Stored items
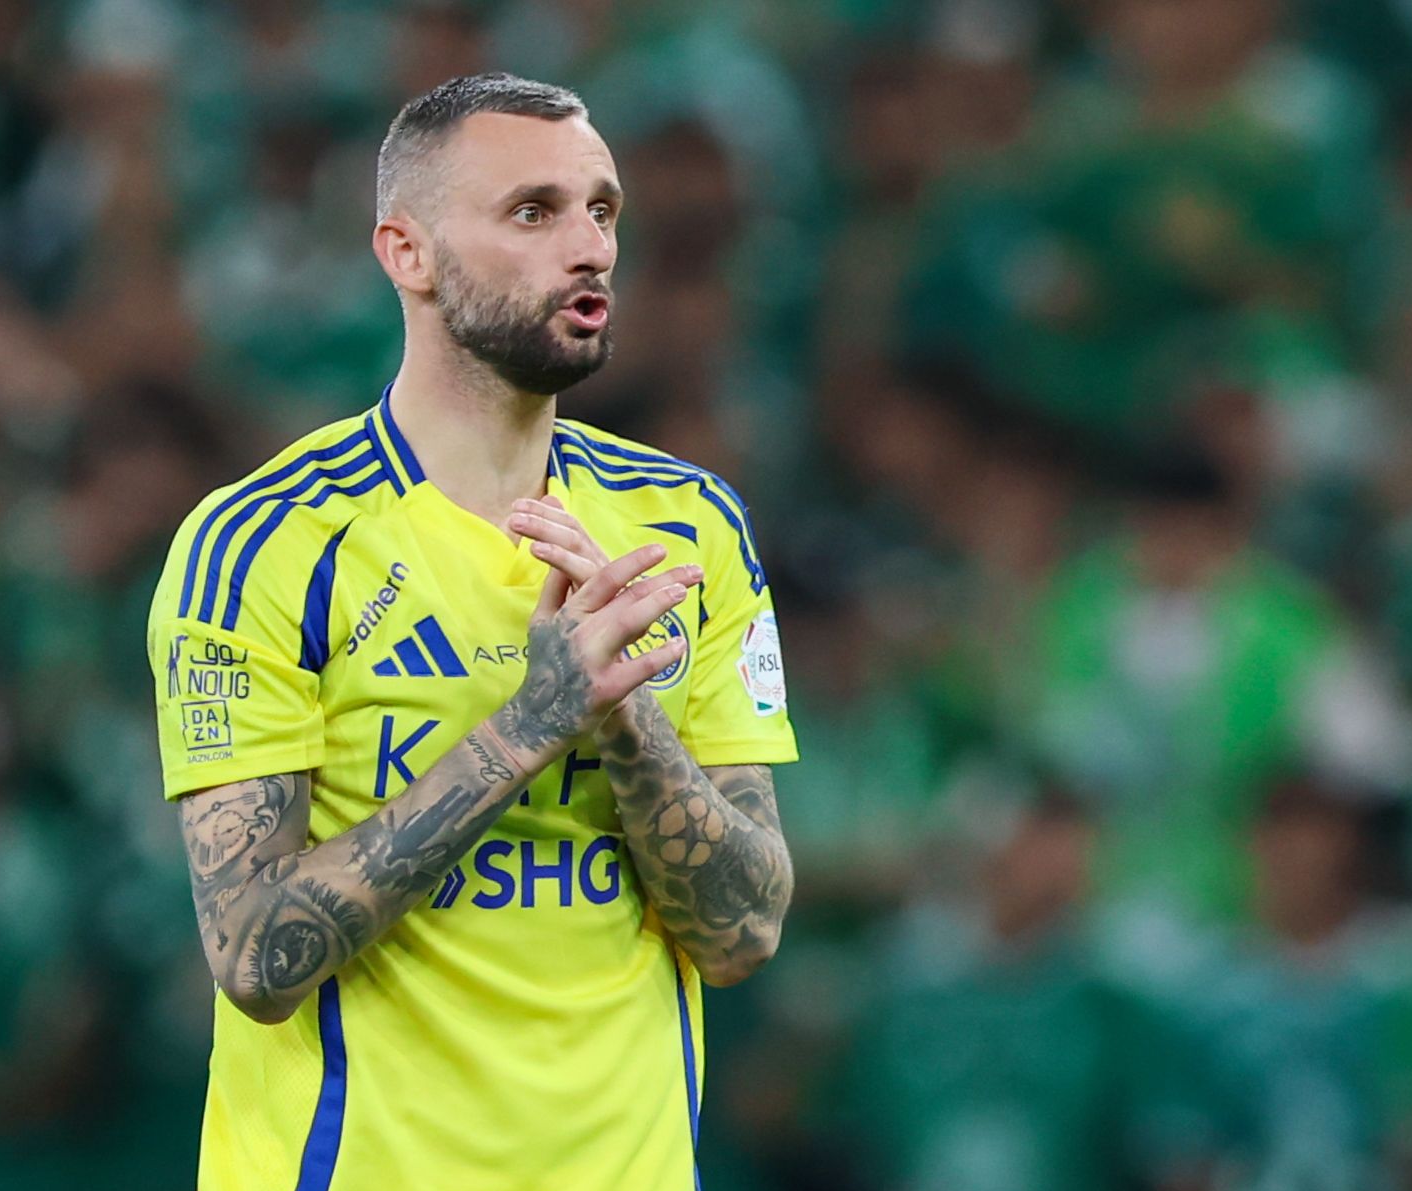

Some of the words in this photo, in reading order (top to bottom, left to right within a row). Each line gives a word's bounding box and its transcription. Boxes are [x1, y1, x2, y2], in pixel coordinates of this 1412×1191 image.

[758, 654, 780, 672] RSL
[188, 668, 250, 699] NOUG
[471, 835, 620, 909] SHG
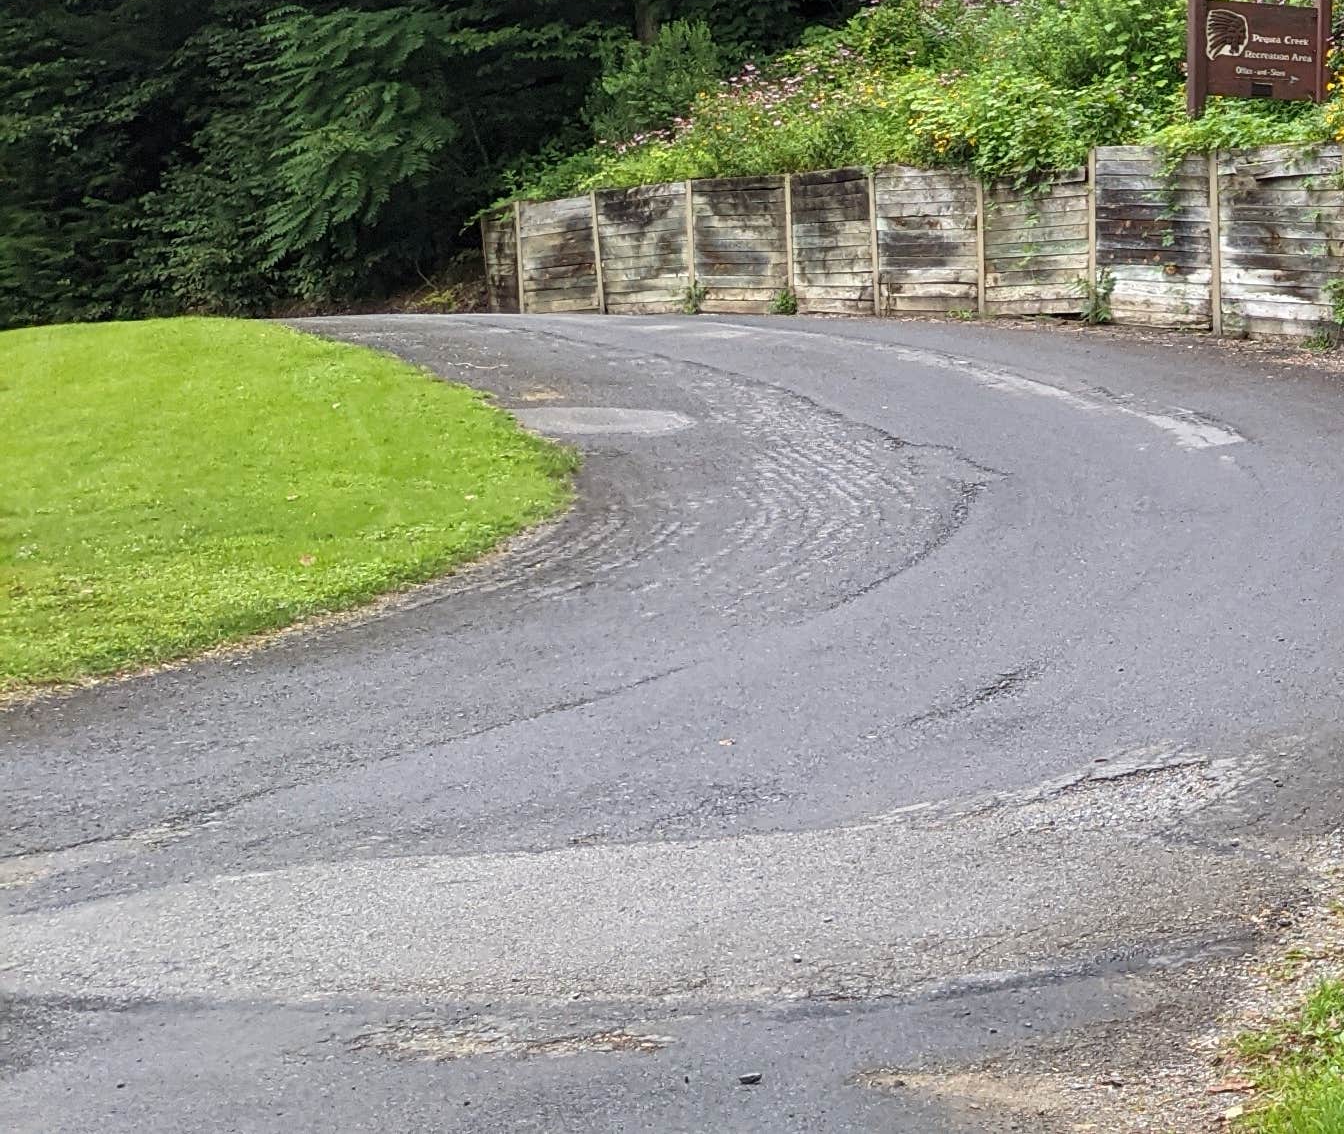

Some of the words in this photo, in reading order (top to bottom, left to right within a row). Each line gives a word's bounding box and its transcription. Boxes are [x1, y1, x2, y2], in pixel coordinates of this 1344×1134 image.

[1284, 36, 1310, 46] Creek
[1244, 50, 1290, 61] Recreation
[1292, 53, 1312, 62] Area

Problem requirements
This calls for an exact copy of all the entries above, with the pictures omitted.

Solution below
Some of the words in this photo, in reading order (top to bottom, left to right within a row). Each line gives a word's bounding box and its transcription. Boxes are [x1, y1, x2, y2], in pixel coordinates of this 1412×1191 image.

[758, 654, 780, 672] RSL
[188, 668, 250, 699] NOUG
[471, 835, 620, 909] SHG

Some of the words in this photo, in reading order (top to bottom, left to right within a row). Each line gives a word's bounding box and its transcription. Boxes are [x1, y1, x2, y2], in pixel coordinates of this 1344×1134 image.

[1284, 36, 1310, 46] Creek
[1244, 50, 1290, 61] Recreation
[1292, 53, 1312, 62] Area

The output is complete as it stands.